Фотографию, сделанную Лави, Нофар обнаружила почти случайно. Хотя как знать, не исключено, что за каждой случайностью скрывается чья-то таинственная рука. Иначе чем объяснить, что последний автобус подошел в тот вечер на три минуты раньше? Может, водитель торопился поскорее попасть домой и обнять спящую жену, а потому гнал через весь город? Как бы то ни было, Нофар и Лави пришлось сломя голову бежать к автобусной остановке. За минуту до того они сидели в закрытом кафе. Лави помог Нофар расставить стулья, получив в награду рожок с двумя шариками мороженого.

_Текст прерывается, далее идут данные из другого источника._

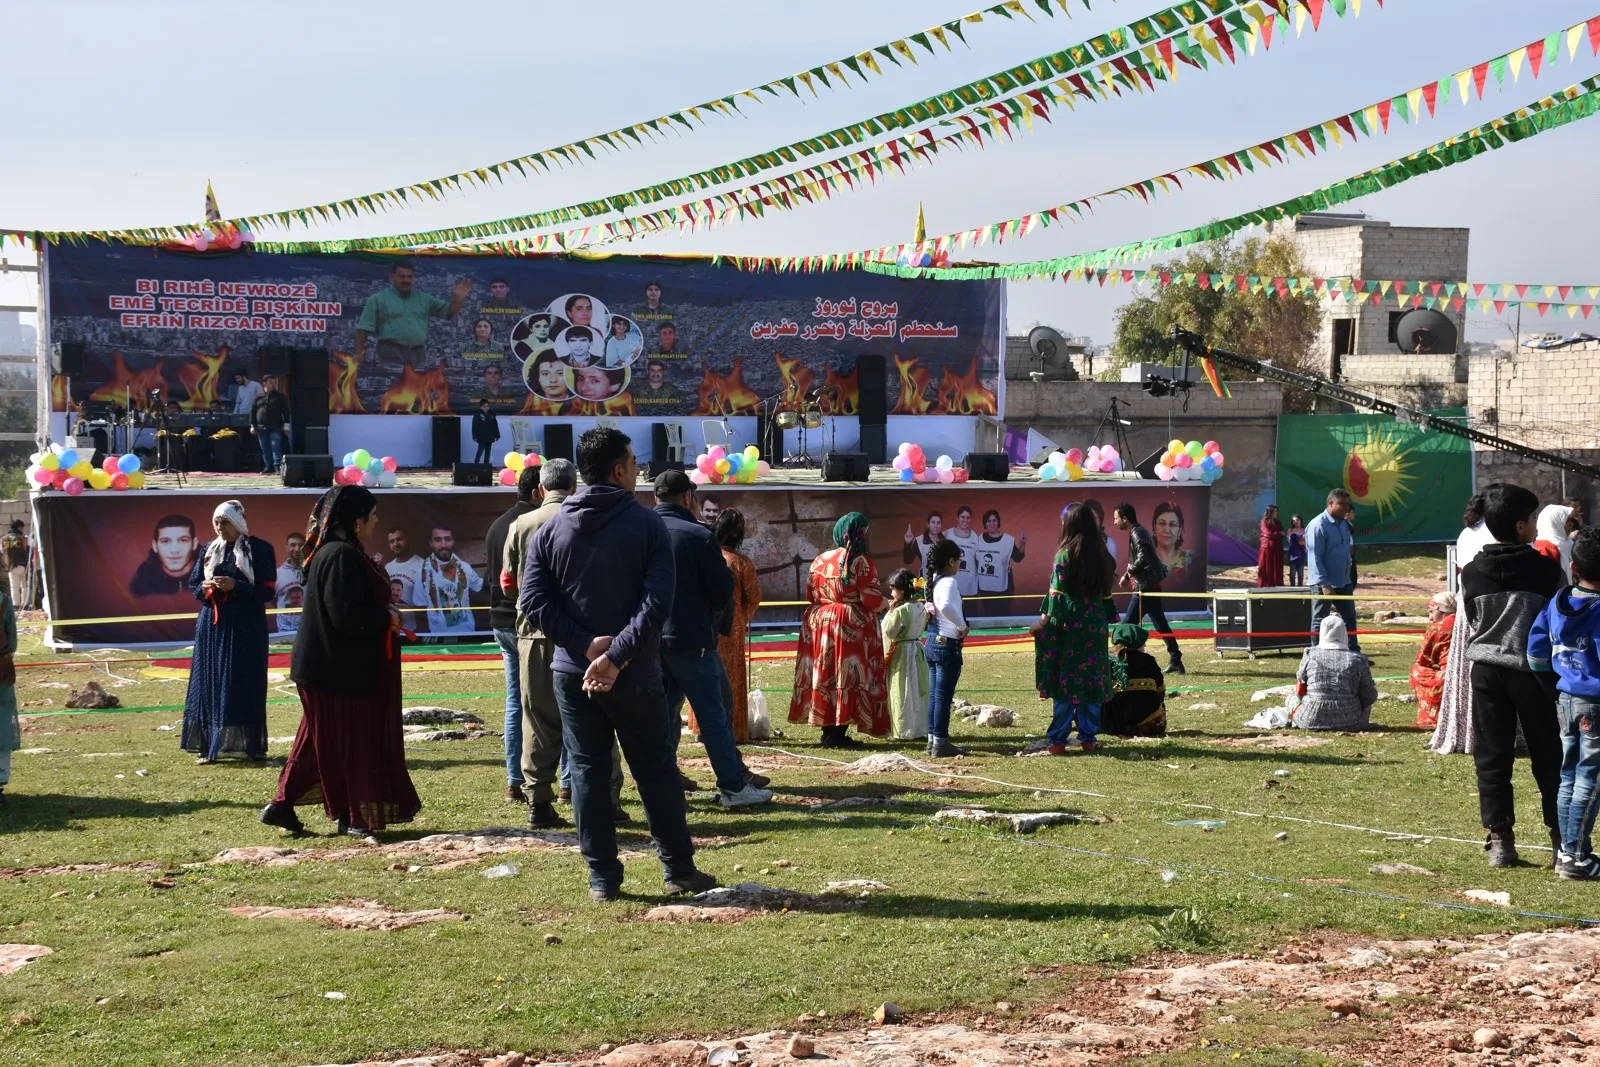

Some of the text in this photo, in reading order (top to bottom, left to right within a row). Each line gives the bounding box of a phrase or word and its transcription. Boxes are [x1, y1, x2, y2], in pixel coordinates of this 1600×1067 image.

[136, 279, 317, 299] BI RIHÊ NEWROZÊ
[109, 295, 341, 317] EMÊ TECRÎDÊ BIŞKÎNIN
[812, 297, 898, 319] بروح نوروز
[188, 315, 266, 331] RIZGAR
[271, 317, 327, 333] BIKIN
[750, 318, 959, 342] سنحطم العزلة ونحرر عفرين

До последнего автобуса оставалось еще несколько минут, когда Нофар, глянув в стеклянную витрину, увидела, что он подъезжает. Не сказав ни слова, она вскочила, схватила рюкзак и мобильник и бросилась на улицу. Вслед за ней, размахивая руками, как ветряная мельница крыльями, ломанул и Лави. Как ни торопился водитель лечь в постель, сердце у него было не каменное. Заметив худощавого парнишку, делавшего ему отчаянные знаки, он затормозил и дождался, пока запыхавшаяся девочка не добежит до автобуса и даже пока догнавший ее парнишка на прощанье ее не чмокнет, – много лет назад водитель был таким же юным и тоже носился как угорелый, чтобы не упустить последний автобус. Лави так обрадовался за Нофар, что не сразу заметил: по ошибке она унесла его телефон. В спешке она перепутала два аппарата, что легко объяснялось: оба черные, оба одинакового размера. Но, несмотря на внешнее сходство, начинка у них была разной, что Нофар и обнаружила по дороге домой. Сначала она растерялась, но потом отнеслась к происшествию с юмором и отправила эсэмэску на собственный мобильник: «Захватила твой телефон в заложники. Завтра осуществим обмен пленными». В конце она добавила смайлик. В ожидании ответа от Лави она принялась исследовать его телефон.